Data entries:

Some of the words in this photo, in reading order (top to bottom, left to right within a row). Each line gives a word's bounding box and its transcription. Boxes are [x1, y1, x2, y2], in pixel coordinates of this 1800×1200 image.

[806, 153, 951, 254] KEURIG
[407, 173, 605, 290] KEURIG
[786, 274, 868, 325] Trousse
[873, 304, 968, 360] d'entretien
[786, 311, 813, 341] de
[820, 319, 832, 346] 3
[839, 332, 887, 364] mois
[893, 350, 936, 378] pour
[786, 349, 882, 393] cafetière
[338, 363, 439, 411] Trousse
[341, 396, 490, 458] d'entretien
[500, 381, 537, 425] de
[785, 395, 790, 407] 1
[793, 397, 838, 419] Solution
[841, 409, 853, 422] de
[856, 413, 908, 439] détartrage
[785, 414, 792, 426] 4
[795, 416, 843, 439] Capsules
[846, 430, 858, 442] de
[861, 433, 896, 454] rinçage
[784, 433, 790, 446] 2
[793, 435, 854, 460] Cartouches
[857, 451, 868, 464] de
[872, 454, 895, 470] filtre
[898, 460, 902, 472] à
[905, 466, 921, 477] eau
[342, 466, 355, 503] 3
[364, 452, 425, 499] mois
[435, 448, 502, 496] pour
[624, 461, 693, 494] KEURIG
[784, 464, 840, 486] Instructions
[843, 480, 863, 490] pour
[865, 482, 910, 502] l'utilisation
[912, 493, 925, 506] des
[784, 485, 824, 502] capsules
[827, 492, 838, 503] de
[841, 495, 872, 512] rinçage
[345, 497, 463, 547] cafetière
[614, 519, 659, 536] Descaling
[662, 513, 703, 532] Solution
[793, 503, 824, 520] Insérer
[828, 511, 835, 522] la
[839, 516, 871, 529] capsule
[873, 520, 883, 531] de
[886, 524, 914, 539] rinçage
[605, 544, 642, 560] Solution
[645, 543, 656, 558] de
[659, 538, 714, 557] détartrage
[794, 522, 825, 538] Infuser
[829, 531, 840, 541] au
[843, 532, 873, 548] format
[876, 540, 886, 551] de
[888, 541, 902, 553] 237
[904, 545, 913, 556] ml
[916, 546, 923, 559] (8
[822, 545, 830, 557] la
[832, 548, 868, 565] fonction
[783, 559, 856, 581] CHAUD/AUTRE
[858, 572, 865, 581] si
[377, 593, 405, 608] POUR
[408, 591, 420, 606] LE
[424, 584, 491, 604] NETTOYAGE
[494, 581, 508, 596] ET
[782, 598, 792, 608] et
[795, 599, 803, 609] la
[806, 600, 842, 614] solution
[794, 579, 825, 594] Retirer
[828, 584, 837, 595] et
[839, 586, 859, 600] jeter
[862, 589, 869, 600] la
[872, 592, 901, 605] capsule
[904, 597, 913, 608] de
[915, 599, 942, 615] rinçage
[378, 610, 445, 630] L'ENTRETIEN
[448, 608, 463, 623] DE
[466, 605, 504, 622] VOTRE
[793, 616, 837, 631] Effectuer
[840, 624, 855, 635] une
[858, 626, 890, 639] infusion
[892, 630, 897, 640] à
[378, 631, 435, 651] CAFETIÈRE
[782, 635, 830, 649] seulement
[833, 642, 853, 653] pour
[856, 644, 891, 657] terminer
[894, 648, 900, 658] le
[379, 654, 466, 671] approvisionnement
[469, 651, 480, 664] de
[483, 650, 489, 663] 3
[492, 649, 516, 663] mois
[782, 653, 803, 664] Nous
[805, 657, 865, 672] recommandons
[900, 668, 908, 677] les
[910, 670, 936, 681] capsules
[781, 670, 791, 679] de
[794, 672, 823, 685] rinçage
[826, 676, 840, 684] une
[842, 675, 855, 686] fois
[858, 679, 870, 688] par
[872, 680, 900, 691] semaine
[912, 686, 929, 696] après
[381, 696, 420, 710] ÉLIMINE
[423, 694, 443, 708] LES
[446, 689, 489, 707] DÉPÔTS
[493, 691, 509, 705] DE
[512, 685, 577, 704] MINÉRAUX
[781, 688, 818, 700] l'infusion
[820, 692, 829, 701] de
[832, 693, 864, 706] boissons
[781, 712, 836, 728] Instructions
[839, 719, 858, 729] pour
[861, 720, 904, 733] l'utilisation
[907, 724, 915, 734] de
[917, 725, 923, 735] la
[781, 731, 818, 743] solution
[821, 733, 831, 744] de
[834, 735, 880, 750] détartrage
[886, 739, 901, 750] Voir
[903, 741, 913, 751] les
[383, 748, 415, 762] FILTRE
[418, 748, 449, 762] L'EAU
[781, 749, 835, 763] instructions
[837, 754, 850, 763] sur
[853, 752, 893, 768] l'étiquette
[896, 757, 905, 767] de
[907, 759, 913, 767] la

__Exercise details__.
Retype each of the records, word for word, with nothing added or dropped.

__Worked solution__.
Some of the words in this photo, in reading order (top to bottom, left to right within a row). Each line gives a word's bounding box and its transcription. Boxes are [x1, y1, x2, y2], in pixel coordinates of this 1800×1200 image.

[806, 153, 951, 254] KEURIG
[407, 173, 605, 290] KEURIG
[786, 274, 868, 325] Trousse
[873, 304, 968, 360] d'entretien
[786, 311, 813, 341] de
[820, 319, 832, 346] 3
[839, 332, 887, 364] mois
[893, 350, 936, 378] pour
[786, 349, 882, 393] cafetière
[338, 363, 439, 411] Trousse
[341, 396, 490, 458] d'entretien
[500, 381, 537, 425] de
[785, 395, 790, 407] 1
[793, 397, 838, 419] Solution
[841, 409, 853, 422] de
[856, 413, 908, 439] détartrage
[785, 414, 792, 426] 4
[795, 416, 843, 439] Capsules
[846, 430, 858, 442] de
[861, 433, 896, 454] rinçage
[784, 433, 790, 446] 2
[793, 435, 854, 460] Cartouches
[857, 451, 868, 464] de
[872, 454, 895, 470] filtre
[898, 460, 902, 472] à
[905, 466, 921, 477] eau
[342, 466, 355, 503] 3
[364, 452, 425, 499] mois
[435, 448, 502, 496] pour
[624, 461, 693, 494] KEURIG
[784, 464, 840, 486] Instructions
[843, 480, 863, 490] pour
[865, 482, 910, 502] l'utilisation
[912, 493, 925, 506] des
[784, 485, 824, 502] capsules
[827, 492, 838, 503] de
[841, 495, 872, 512] rinçage
[345, 497, 463, 547] cafetière
[614, 519, 659, 536] Descaling
[662, 513, 703, 532] Solution
[793, 503, 824, 520] Insérer
[828, 511, 835, 522] la
[839, 516, 871, 529] capsule
[873, 520, 883, 531] de
[886, 524, 914, 539] rinçage
[605, 544, 642, 560] Solution
[645, 543, 656, 558] de
[659, 538, 714, 557] détartrage
[794, 522, 825, 538] Infuser
[829, 531, 840, 541] au
[843, 532, 873, 548] format
[876, 540, 886, 551] de
[888, 541, 902, 553] 237
[904, 545, 913, 556] ml
[916, 546, 923, 559] (8
[822, 545, 830, 557] la
[832, 548, 868, 565] fonction
[783, 559, 856, 581] CHAUD/AUTRE
[858, 572, 865, 581] si
[377, 593, 405, 608] POUR
[408, 591, 420, 606] LE
[424, 584, 491, 604] NETTOYAGE
[494, 581, 508, 596] ET
[782, 598, 792, 608] et
[795, 599, 803, 609] la
[806, 600, 842, 614] solution
[794, 579, 825, 594] Retirer
[828, 584, 837, 595] et
[839, 586, 859, 600] jeter
[862, 589, 869, 600] la
[872, 592, 901, 605] capsule
[904, 597, 913, 608] de
[915, 599, 942, 615] rinçage
[378, 610, 445, 630] L'ENTRETIEN
[448, 608, 463, 623] DE
[466, 605, 504, 622] VOTRE
[793, 616, 837, 631] Effectuer
[840, 624, 855, 635] une
[858, 626, 890, 639] infusion
[892, 630, 897, 640] à
[378, 631, 435, 651] CAFETIÈRE
[782, 635, 830, 649] seulement
[833, 642, 853, 653] pour
[856, 644, 891, 657] terminer
[894, 648, 900, 658] le
[379, 654, 466, 671] approvisionnement
[469, 651, 480, 664] de
[483, 650, 489, 663] 3
[492, 649, 516, 663] mois
[782, 653, 803, 664] Nous
[805, 657, 865, 672] recommandons
[900, 668, 908, 677] les
[910, 670, 936, 681] capsules
[781, 670, 791, 679] de
[794, 672, 823, 685] rinçage
[826, 676, 840, 684] une
[842, 675, 855, 686] fois
[858, 679, 870, 688] par
[872, 680, 900, 691] semaine
[912, 686, 929, 696] après
[381, 696, 420, 710] ÉLIMINE
[423, 694, 443, 708] LES
[446, 689, 489, 707] DÉPÔTS
[493, 691, 509, 705] DE
[512, 685, 577, 704] MINÉRAUX
[781, 688, 818, 700] l'infusion
[820, 692, 829, 701] de
[832, 693, 864, 706] boissons
[781, 712, 836, 728] Instructions
[839, 719, 858, 729] pour
[861, 720, 904, 733] l'utilisation
[907, 724, 915, 734] de
[917, 725, 923, 735] la
[781, 731, 818, 743] solution
[821, 733, 831, 744] de
[834, 735, 880, 750] détartrage
[886, 739, 901, 750] Voir
[903, 741, 913, 751] les
[383, 748, 415, 762] FILTRE
[418, 748, 449, 762] L'EAU
[781, 749, 835, 763] instructions
[837, 754, 850, 763] sur
[853, 752, 893, 768] l'étiquette
[896, 757, 905, 767] de
[907, 759, 913, 767] la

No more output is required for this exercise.